Tuesday, 17 November 2009

VMware ESX Trouble Shooting

Just recently I've had cause to analyse some VMware ESX logs in a bid to understand what was going on with a problematic ESX server and just what could be done to remedy the situation.

Up until now I hadn't given ESX logging much thought, mainly easing my conscience by thinking "Yea I'm sure ESX keeps a log of everything somewhere.

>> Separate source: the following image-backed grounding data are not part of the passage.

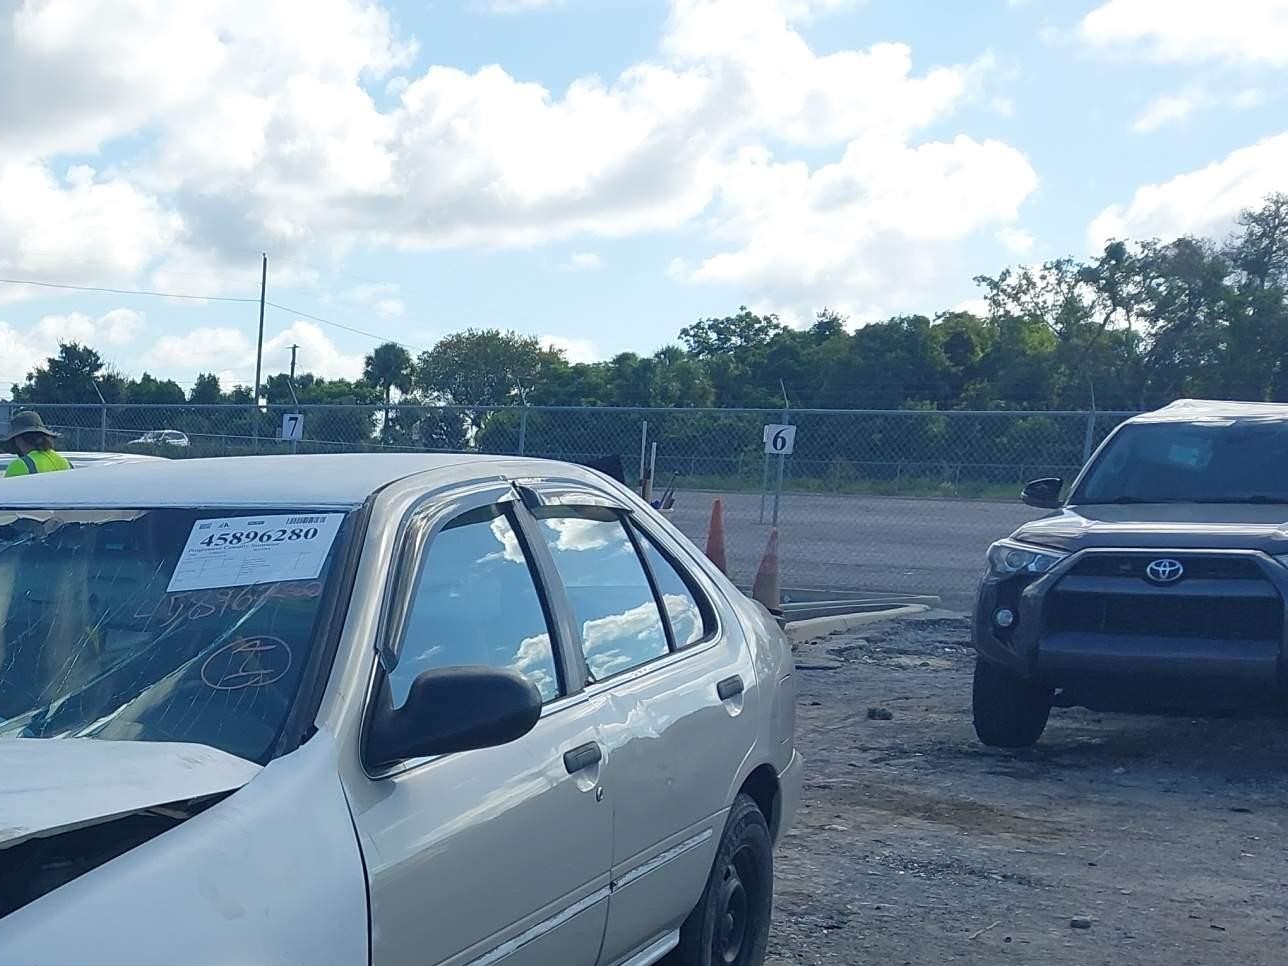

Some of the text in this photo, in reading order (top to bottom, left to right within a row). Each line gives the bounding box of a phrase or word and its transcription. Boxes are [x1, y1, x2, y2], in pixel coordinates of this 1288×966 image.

[288, 417, 299, 437] 7
[772, 428, 788, 451] 6
[199, 527, 318, 547] 45896280
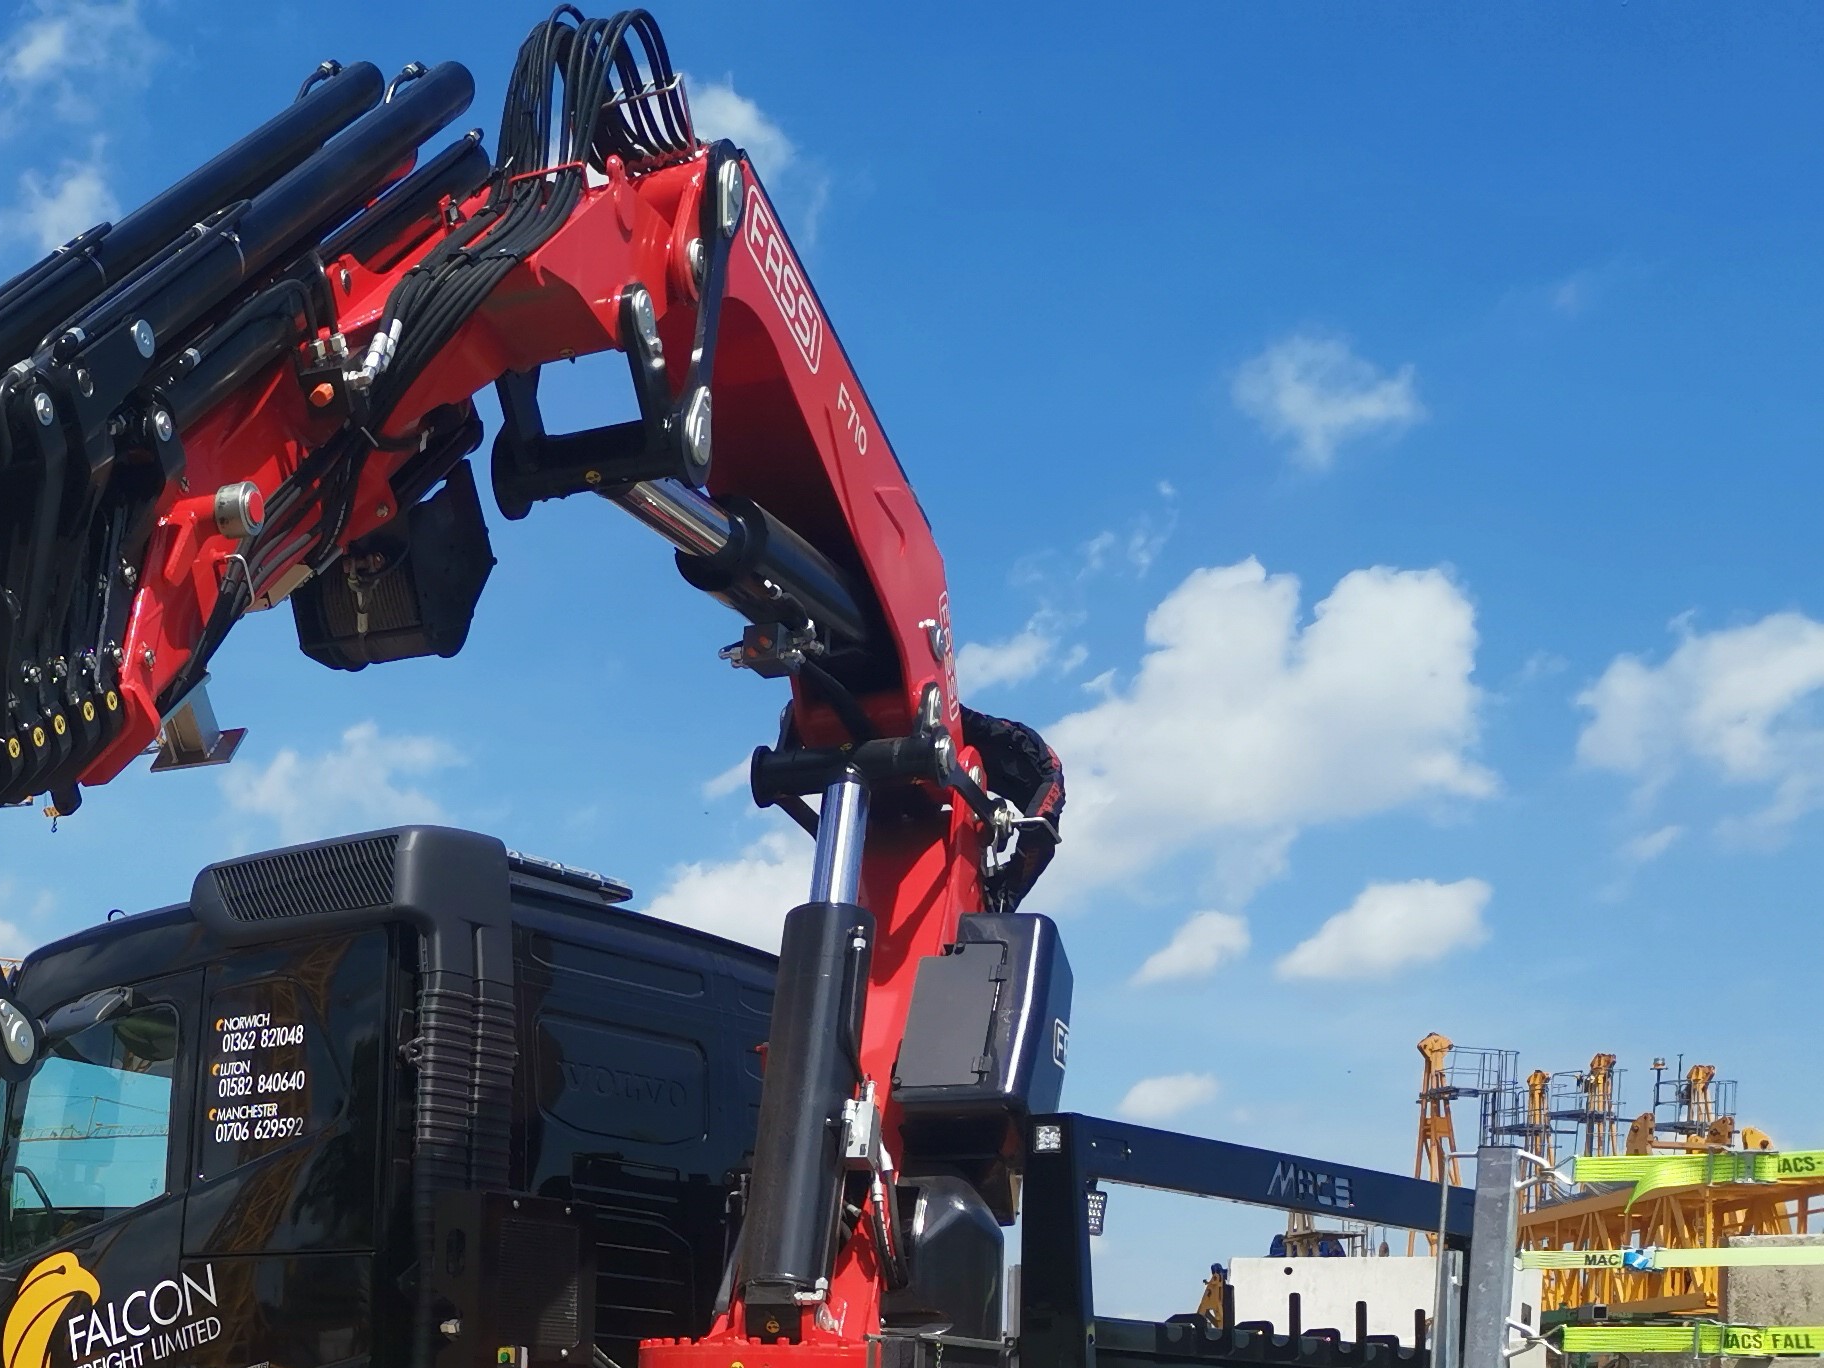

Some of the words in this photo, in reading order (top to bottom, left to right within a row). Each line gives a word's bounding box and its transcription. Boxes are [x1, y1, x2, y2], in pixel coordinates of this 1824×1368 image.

[750, 205, 819, 363] FASSI
[837, 381, 868, 456] F710
[223, 1013, 270, 1032] NORWICH
[222, 1031, 256, 1052] 01362
[260, 1025, 304, 1047] 821048
[220, 1060, 250, 1076] LUTON
[218, 1077, 253, 1098] 01582
[257, 1071, 305, 1093] 840640
[216, 1103, 278, 1121] MANCHESTER
[215, 1123, 249, 1142] 01706
[254, 1117, 303, 1139] 629592
[68, 1263, 217, 1361] FALCON
[151, 1316, 221, 1360] LIMITED
[1772, 1334, 1815, 1349] FALL

It's Linux after all..!"

Well as I've discovered, its no longer time to keep parts of me buried in the sand, it's time to get looking at these logs.  After all they are there to help (I think) and with a bit of prior knowledge you too can start to understand "ESX log speak".

The first thing to realise with ESX logs is that there aren't just three (like Windows) there are in fact twelve!

Obtaining ESX Log Bundles
Rather than go delving around on a live ESX server, lets get the copies of the logs downloaded locally so that we can analyse them at our leisure.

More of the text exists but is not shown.